Ci sono uomini che hanno avuto la possibilità di scegliere di lavorare a turno, seppur rinunciando, temporaneamente, alla carriera professionale. Possono così dedicare più tempo alla casa e alla famiglia.
Questi uomini si alzano alle 7 di mattina, preparano i figli, rifanno i letti, restituiscono all’appartamento un aspetto accettabile, caricano la lavastoviglie. Alle 8.30 portano i figli a scuola e all’asilo, ma solo d'inverno, perchè d'estate sono a casa. A volte arrotondano con qualche lavoretto, perché sennò a fine mese, senza i due stipendi pieni, non si arriva, tornano a casa a mezzogiorno, svuotano la lavastoviglie, preparano il pranzo, pranzano in 10 minuti con la moglie che è tornata dal suo lavoro part-time, si fanno la doccia e vanno a lavorare, fino alle 22. A mezzanotte si addormentano, pensando a come organizzare la mattina del giorno dopo.
Il collega che ha fatto il turno del mattino, e che è fuori casa dalle 5, arriva a casa alle 15, va a prendere il figlio all’asilo, lo porta in piscina, gioca con lui, prepara la cena, carica la lavatrice e rassetta la casa aspettando che la moglie torni dal lavoro. Dopo cena crolla sul divano e si addormenta.

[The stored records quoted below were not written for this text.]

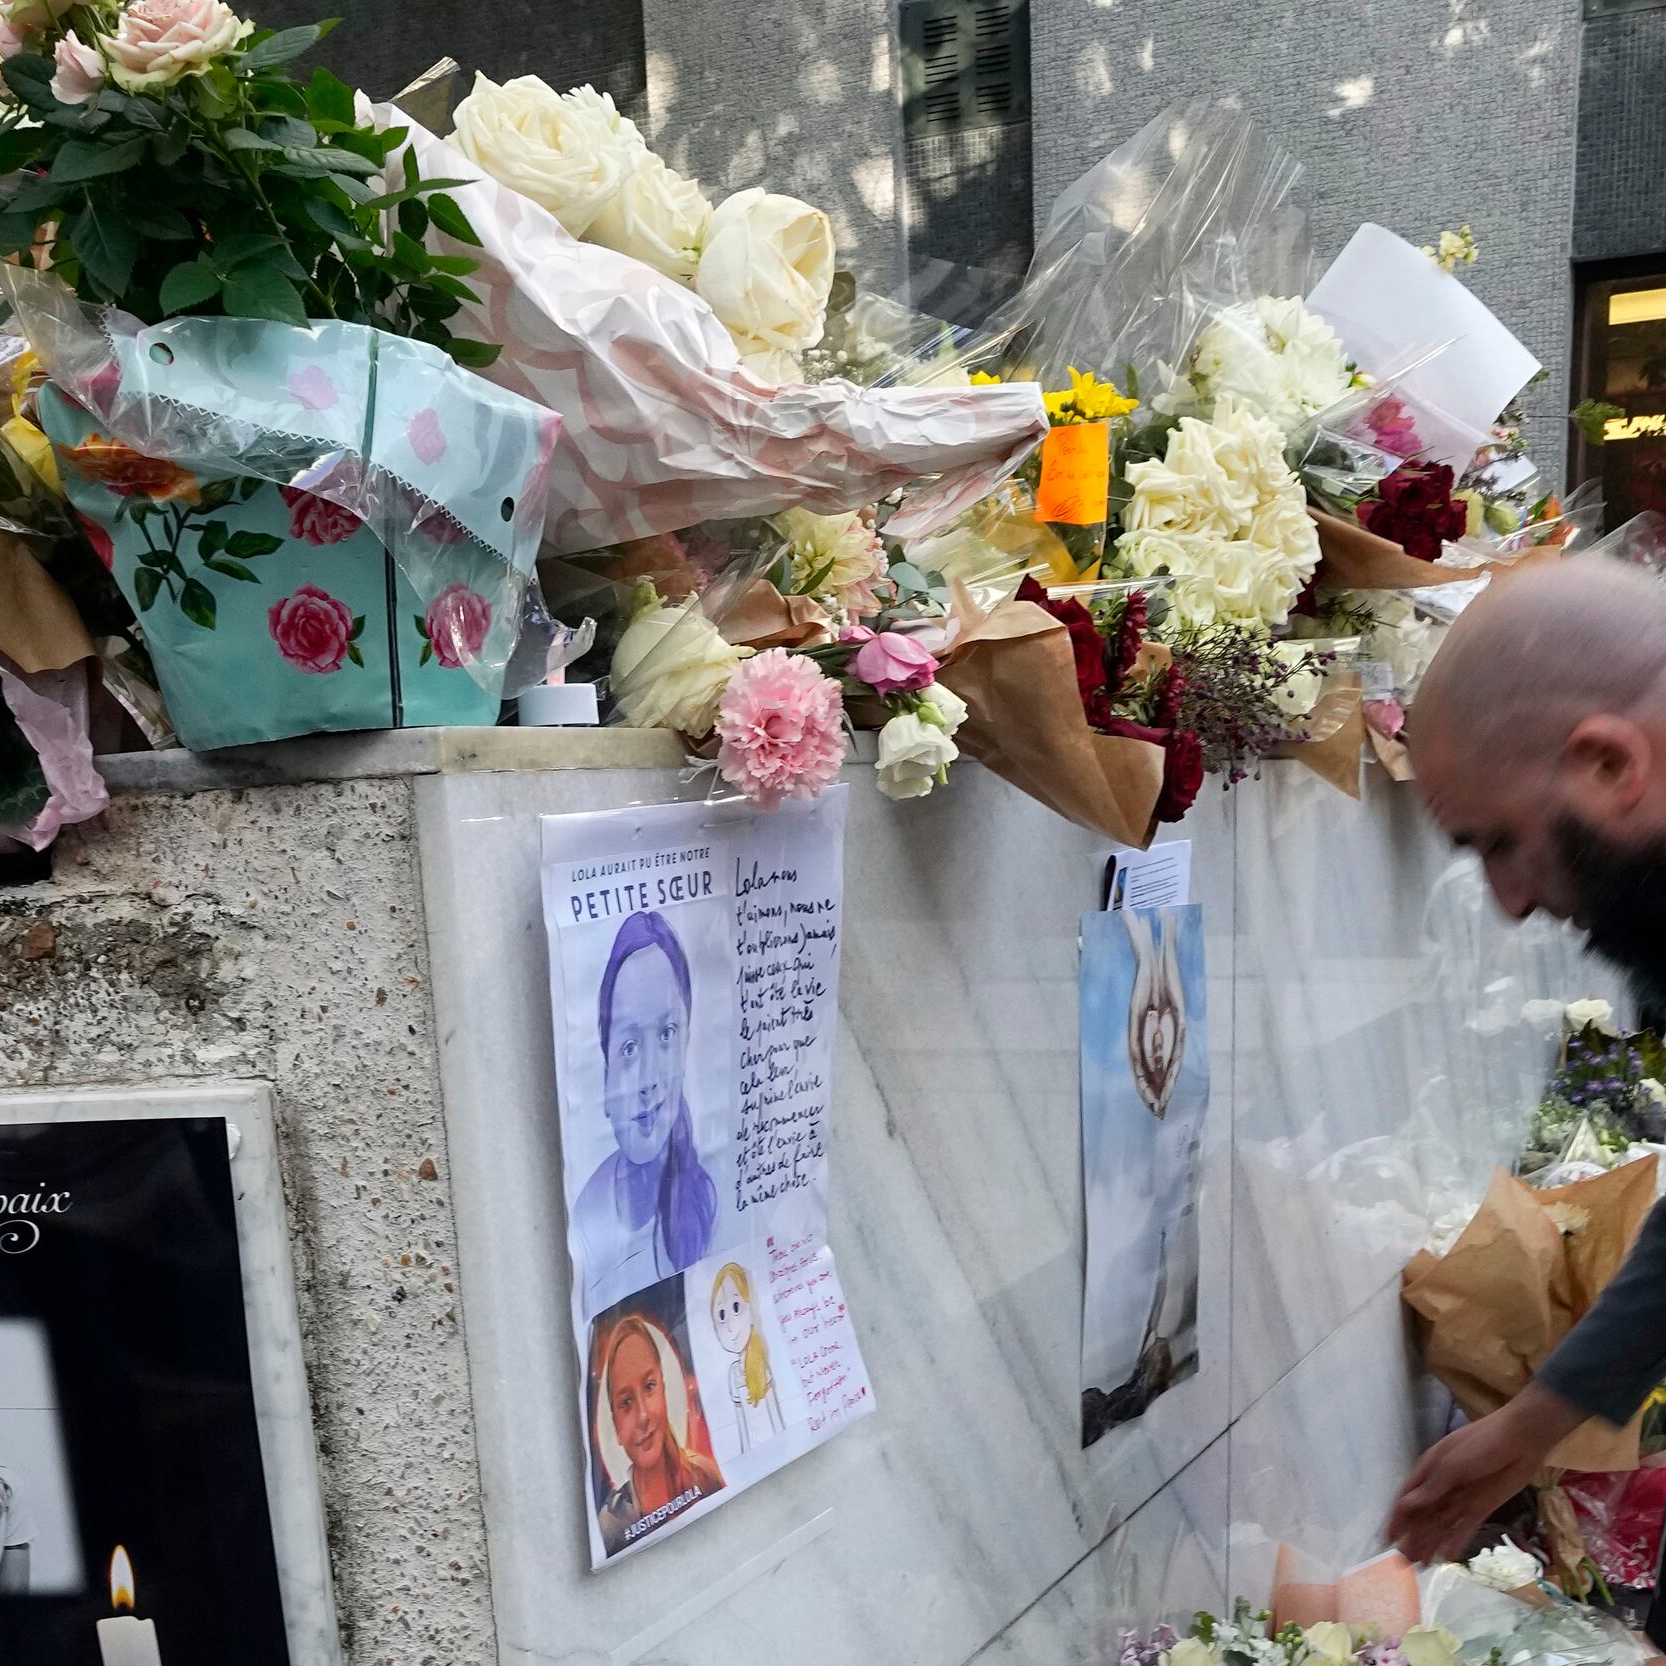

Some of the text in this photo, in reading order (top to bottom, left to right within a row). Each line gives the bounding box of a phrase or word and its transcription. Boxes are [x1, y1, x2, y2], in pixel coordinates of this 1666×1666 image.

[572, 867, 596, 882] LOLA
[600, 860, 636, 877] AURAIT
[639, 857, 652, 870] PU
[679, 847, 710, 862] NOTRE
[571, 870, 713, 922] PETITE SŒUR
[805, 977, 828, 997] vie

Questi uomini sono contenti quando ci sono i giorni di riposo, perché possono fare gli onnipresenti lavoretti di manutenzione alla casa, possono giocare con i figli, coccolare la moglie e divertirsi con gli amici. Sono in molti a fare una vita simile alla loro. Sono uomini contenti di quello che fanno, perché sono partecipi della vita della famiglia che hanno creato.
MA poi leggono la rubrica di pagina 28! E scoprono che secondo la realtà dei giornalisti tutto continua a girare esclusivamente attorno al lavoro delle donne, come negli anni in cui si facevano i primi esperimenti di lavoro femminile fuori casa. Allora immaginano che i giornalisti non sappiano ancora che tante donne hanno già trovato l’uomo del futuro! Fanno tanto, forse troppo, ma almeno non sono più sole nella loro dura giornata.

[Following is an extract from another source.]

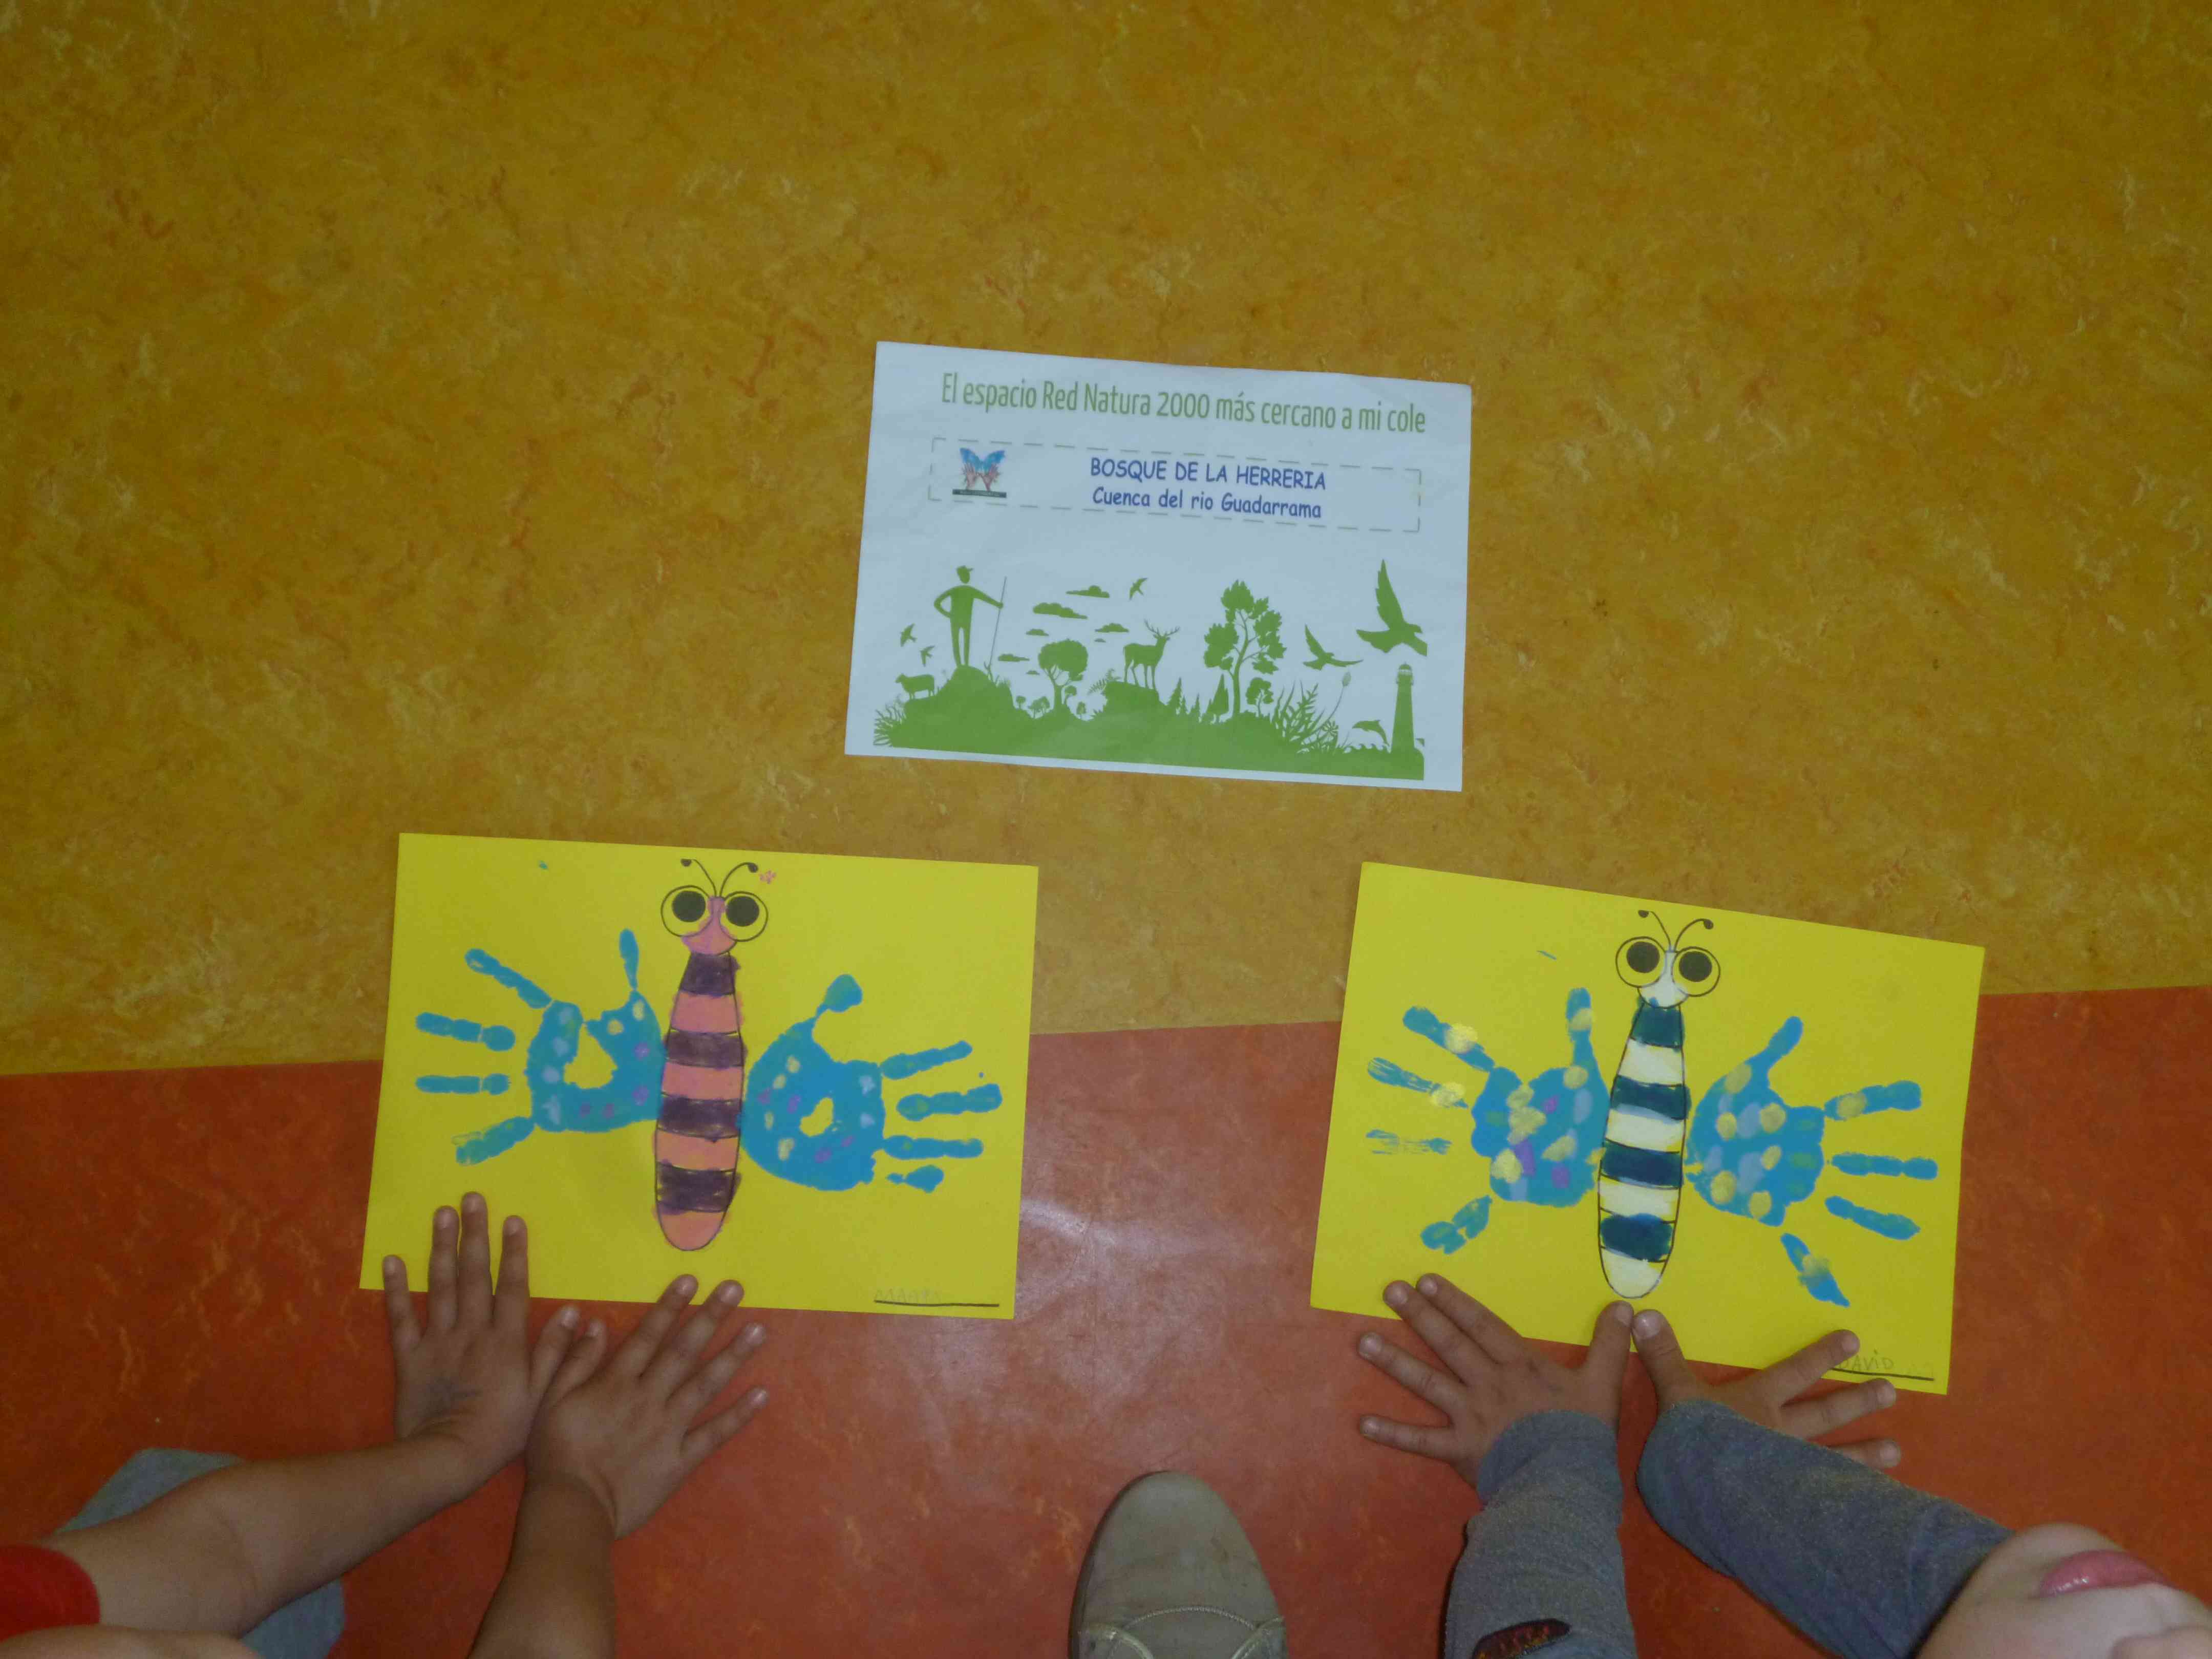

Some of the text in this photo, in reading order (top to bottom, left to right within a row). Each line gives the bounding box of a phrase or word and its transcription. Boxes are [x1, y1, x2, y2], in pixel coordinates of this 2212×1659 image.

Se vogliamo cominciare a cambiare vecchie mentalità bisognerebbe smettere di scrivere continuamente di condizioni penose e iniziare a raccontare che esistono anche realtà diverse. Probabilmente chi è rimasto indietro seguirà l’esempio.
Per quanto riguarda la società nel suo complesso ne parliamo la prossima volta, adesso devo andare a giocare con le mie figlie, sperando che per loro il futuro non sia come quello descritto nella rubrica."